Nawet 800-900 mln euro mogą kosztować inwestycje komercyjne Globe Trade Centre w krajach bałkańskich i na Węgrzech, które już znajdują się w portfelu warszawskiego dewelopera. Zyskowność tych projektów niemal na pewno przekroczy 100 proc., co oznacza, że łączny zarobek GTC w najbliższych 2-3 latach przewyższy 1 mld euro, czyli około 4 mld zł. Paradoksalnie w osiągnięciu tego celu "pomoże" konkurent - austriacki Immoeast, który niedawno otrzymał blisko 3 miliardy euro zastrzyku gotówki ze sprzedaży nowych akcji. Realizacja jego agresywnego programu inwestycyjnego sprawia, że nieruchomości w regionie drożeją. Oczywiście również te należące do GTC.
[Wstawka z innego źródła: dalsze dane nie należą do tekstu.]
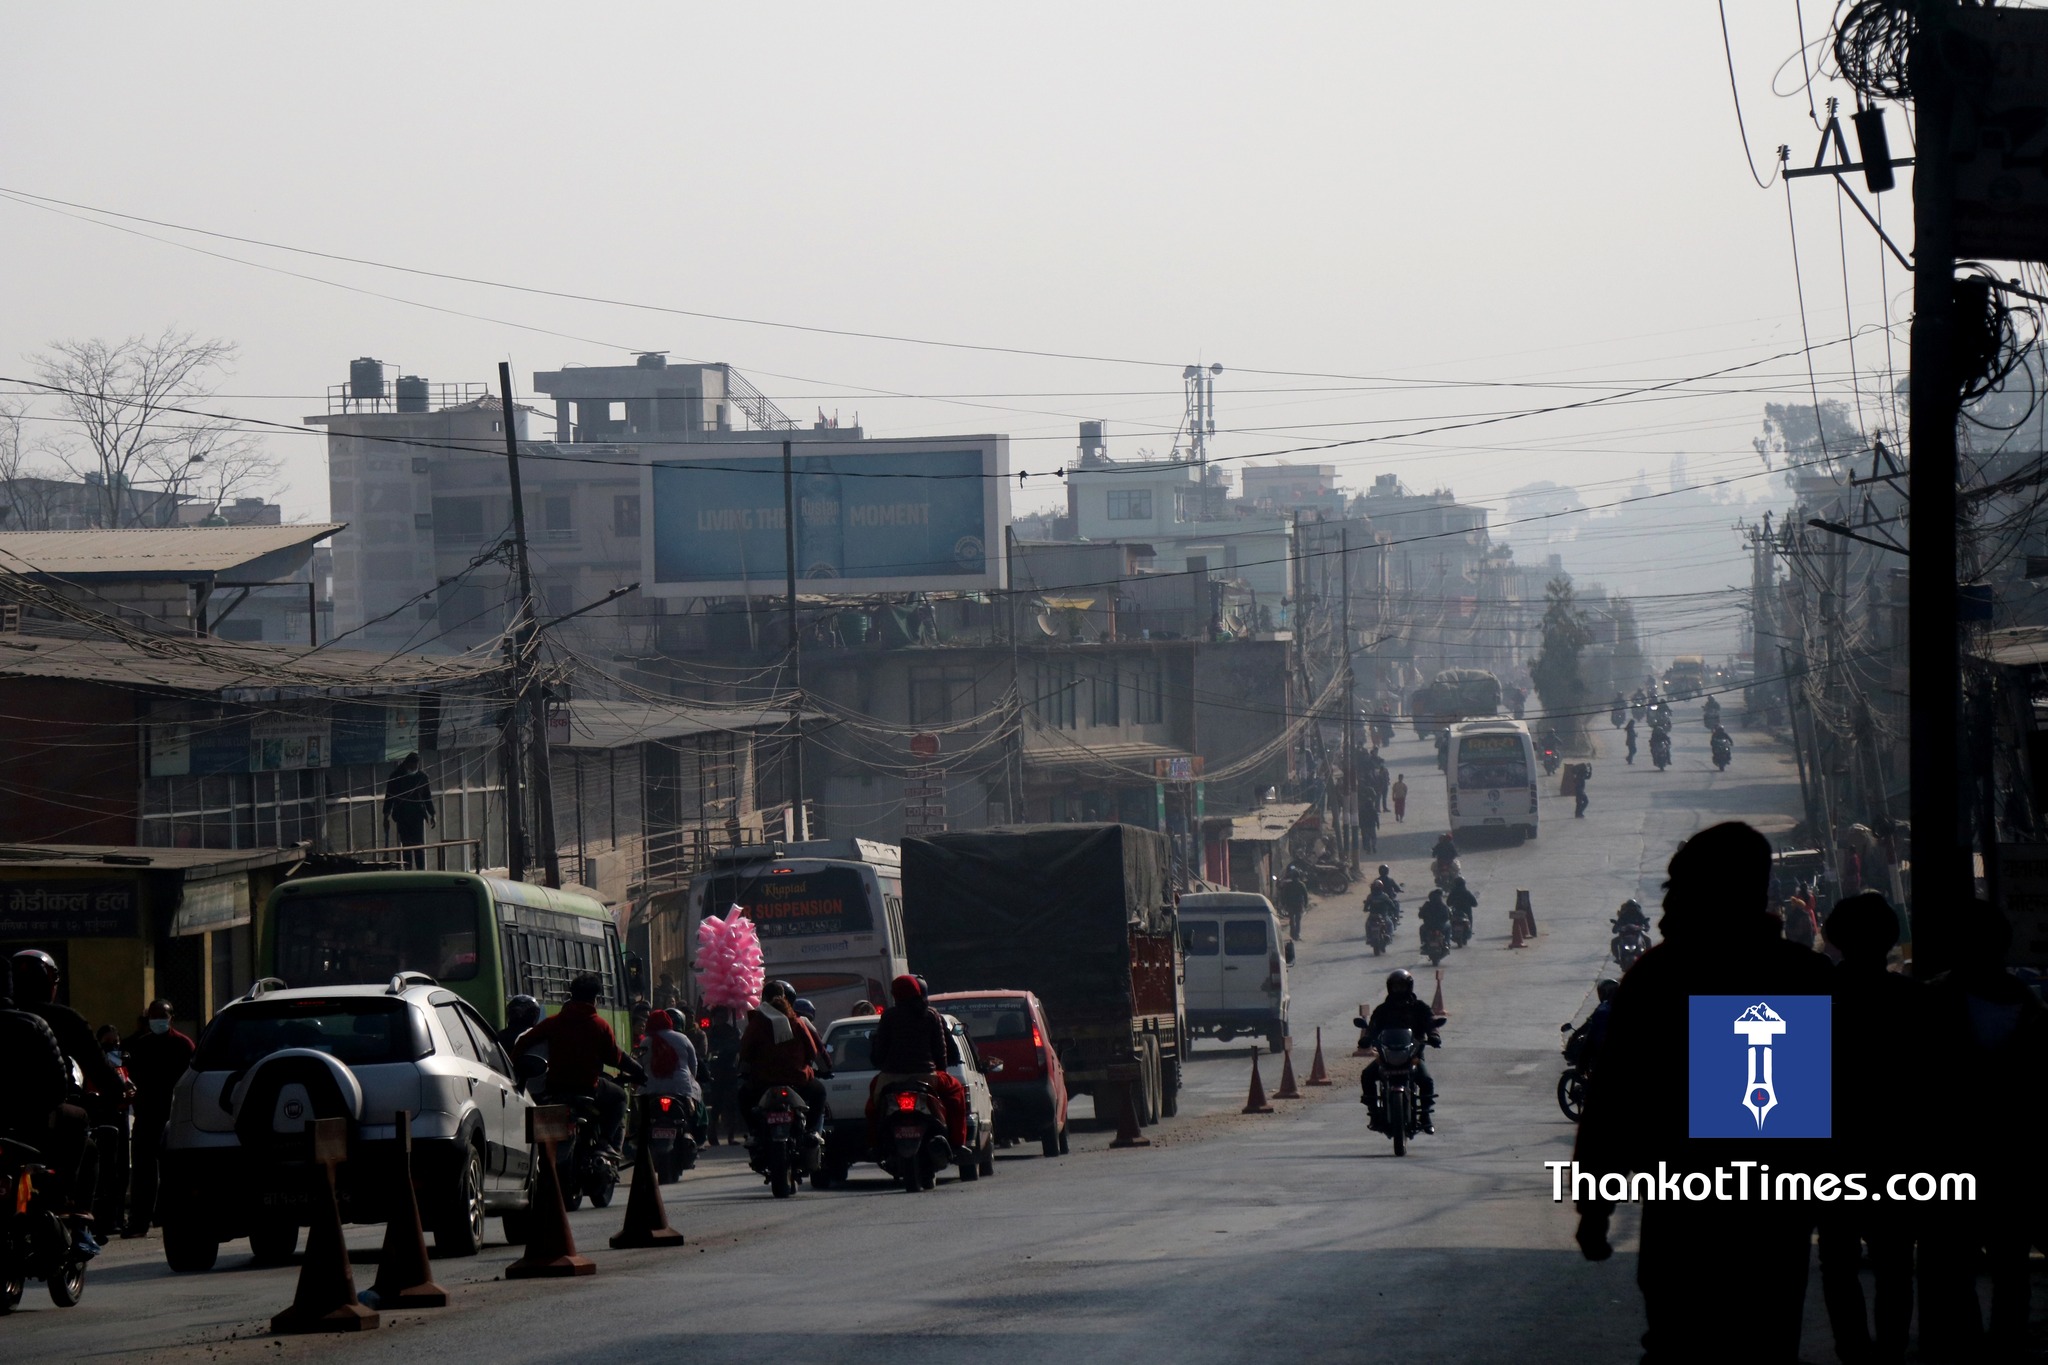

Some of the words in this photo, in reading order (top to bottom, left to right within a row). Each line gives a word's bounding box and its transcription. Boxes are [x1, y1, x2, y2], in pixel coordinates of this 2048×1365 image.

To dobra informacja dla warszawskiego dewelopera. Może on bowiem realizować zyski nie tylko z nowych projektów, których liczba systematycznie rośnie, ale również z już posiadanego portfela nieruchomości.

GTC nie musi sięgać po dodatkowe fundusze, aby realizować ambitny plan inwestycyjny. Spółka dysponuje m.in. 800 mln zł z niedawnej emisji obligacji i ponad 280 mln USD ze sprzedaży Mokotów Business Park.